If you are a white supremacist, Twitter will provide a safe haven for you.
Jason Kessler, for example, was awarded the “blue checkmark”, validation that he’s someone on Twitter. He’s the guy who created the Charlottesville white supremacist rally that resulted in one of its participants running down a woman, killing her.
Kessler’s checkmark came about a month after Twitter promised to crack down on the hate that is amplified by Twitter.
When Twitter chooses to exercise its authority, however, is a complete mystery to most reasonable people.
Take Kara Lynum, the St. Paul lawyer who represents immigrants.
She heard that Stephen Miller, the architect of President Trump’s child separation policy, was going to be in the Twin Cities. So she challenged him to a race, called him a racist, and gave out his phone number.
That, according to Twitter, was over the line.
This screenshot – except the other one had Stephen Miller’s then-publicly-available phone number – got me banned from Twitter for 12 hours for “publishing private information.” pic.twitter.com/uEKHBh4GFp
— Kara Lynum (@karalynum) June 21, 2018
Splinter News says anyone who retweeted its tweet which first listed the phone number — that included Lynum’s invitation for Miller to prove his immigration chops — were banned from Twitter as punishment for tweeting Miller’s phone number.
So other Twitter users started tweeting links to websites with Miller’s phone number.
Twitter suspended accounts that called attention to Twitter’s suspensions.
“Meanwhile, Twitter remains a place where users are regularly subjected to harassment based on their sexuality, religion, race, or having a wrong opinion that day. For the moment, it seems Jack Dorsey is much more interested in placating conservative users, who’ve long claimed the platform is biased against them,” Splinter said.
“We are aware of this and are taking appropriate action on content that violates our Terms of Service,” a spokesperson for Twitter said when asked by BuzzFeed to try to make some sense of the inconsistencies in the company’s application of standards.
Whether intentional or not, Splinter’s decision to publish Miller’s number illustrates the tenuous position Twitter is in after years of arbitrary rule enforcement. Twitter has been dogged for years by its inability to effectively curb harassment on its platform and for allowing bad actors to game its report system to use its policing tools against upstanding users.
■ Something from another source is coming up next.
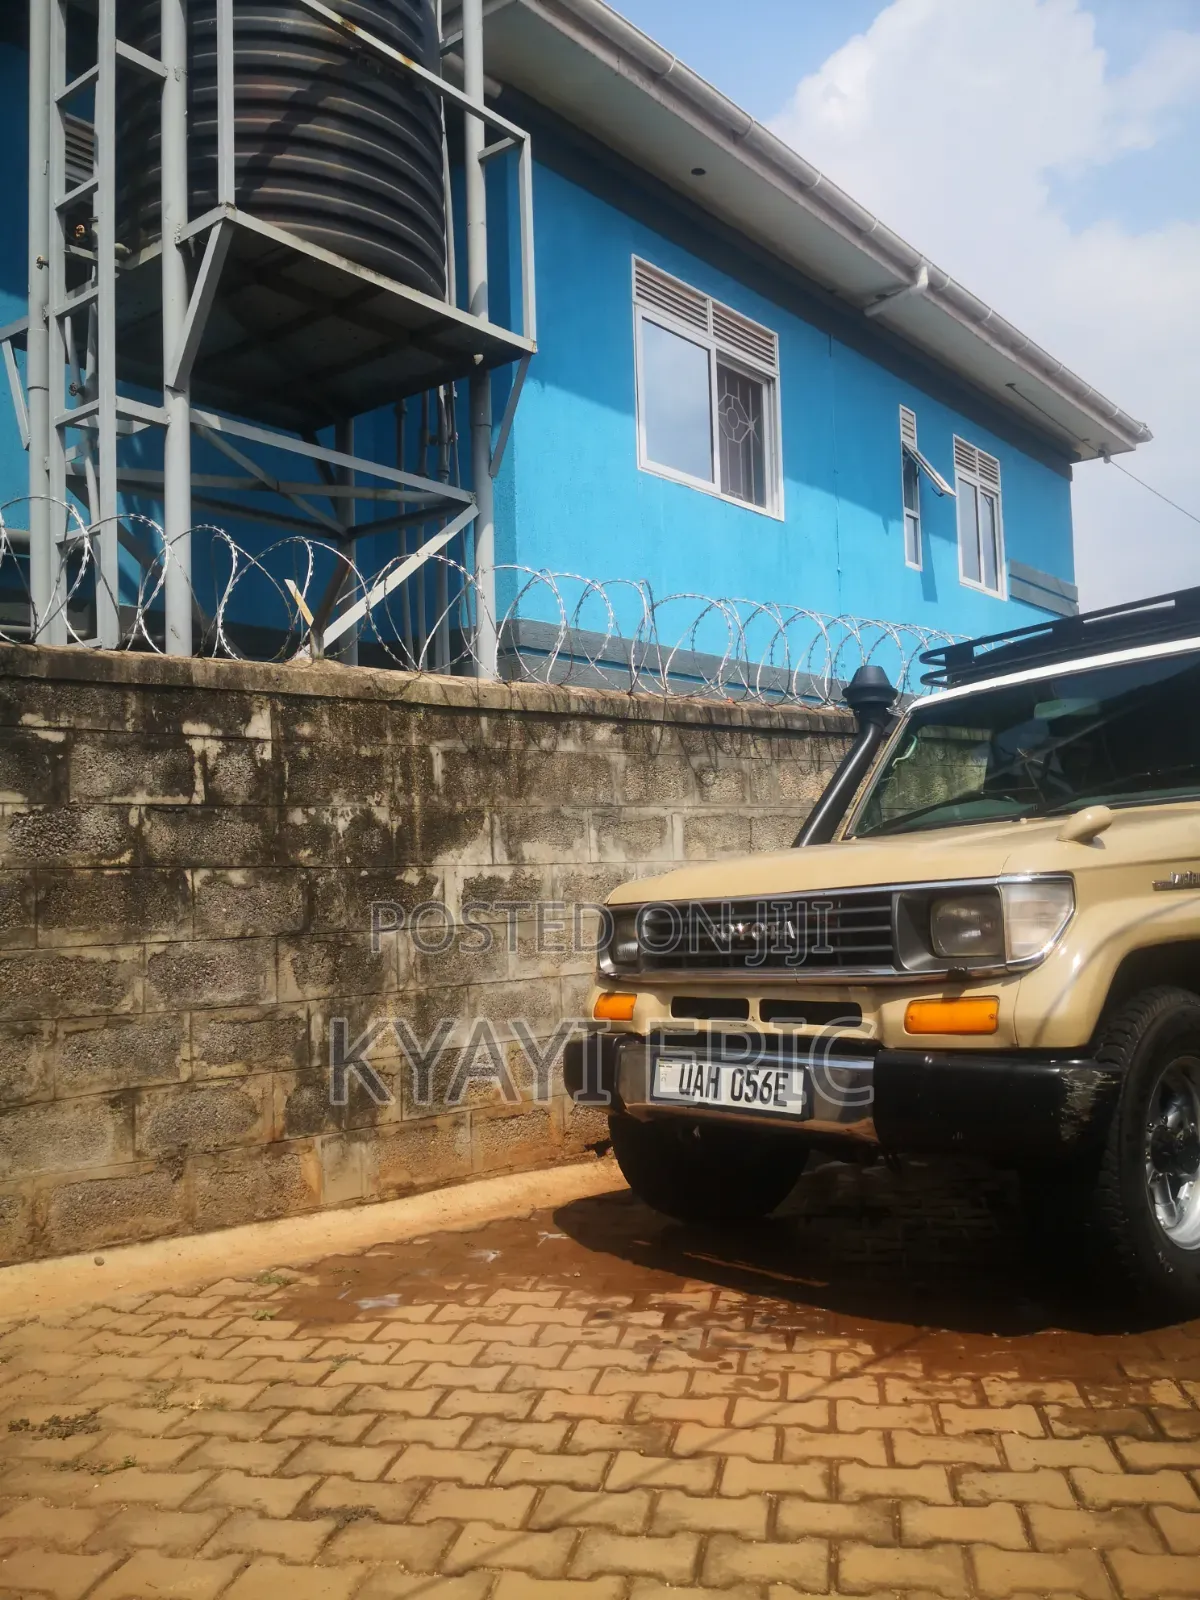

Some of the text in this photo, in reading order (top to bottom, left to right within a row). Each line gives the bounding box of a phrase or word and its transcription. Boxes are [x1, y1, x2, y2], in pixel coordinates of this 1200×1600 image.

A major media outlet posting private information thereby forces Twitter to enforce its rules in a public and potentially unpopular way. (The Splinter piece notes that Trump himself has publicly shared the personal phone numbers of both Sen. Lindsey Graham and Univision anchor Jorge Ramos. In the case of Ramos, whose number was shared via Trump’s Instagram, the post was taken down.)
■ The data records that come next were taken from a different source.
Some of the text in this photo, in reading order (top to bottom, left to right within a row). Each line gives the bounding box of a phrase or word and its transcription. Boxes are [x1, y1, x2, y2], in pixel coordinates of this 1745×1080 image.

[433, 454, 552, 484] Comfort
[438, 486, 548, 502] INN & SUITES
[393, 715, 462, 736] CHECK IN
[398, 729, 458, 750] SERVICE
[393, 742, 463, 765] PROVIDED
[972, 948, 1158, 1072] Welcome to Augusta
The decision to lock out users who tweet Miller’s number raises a number of new questions for Twitter, among them: Now that the number is out in the public, how far will the company go in removing the hundreds of tweets and locking accounts of the very many users who have tweeted it? Similarly, when does Miller’s number — now out in the open — become public information, if ever? David Klion, a freelance journalist whose account was locked Wednesday after tweeting Miller’s number, told BuzzFeed News he found his punishment odd, considering that Splinter had effectively made Miller’s information public before he tweeted it.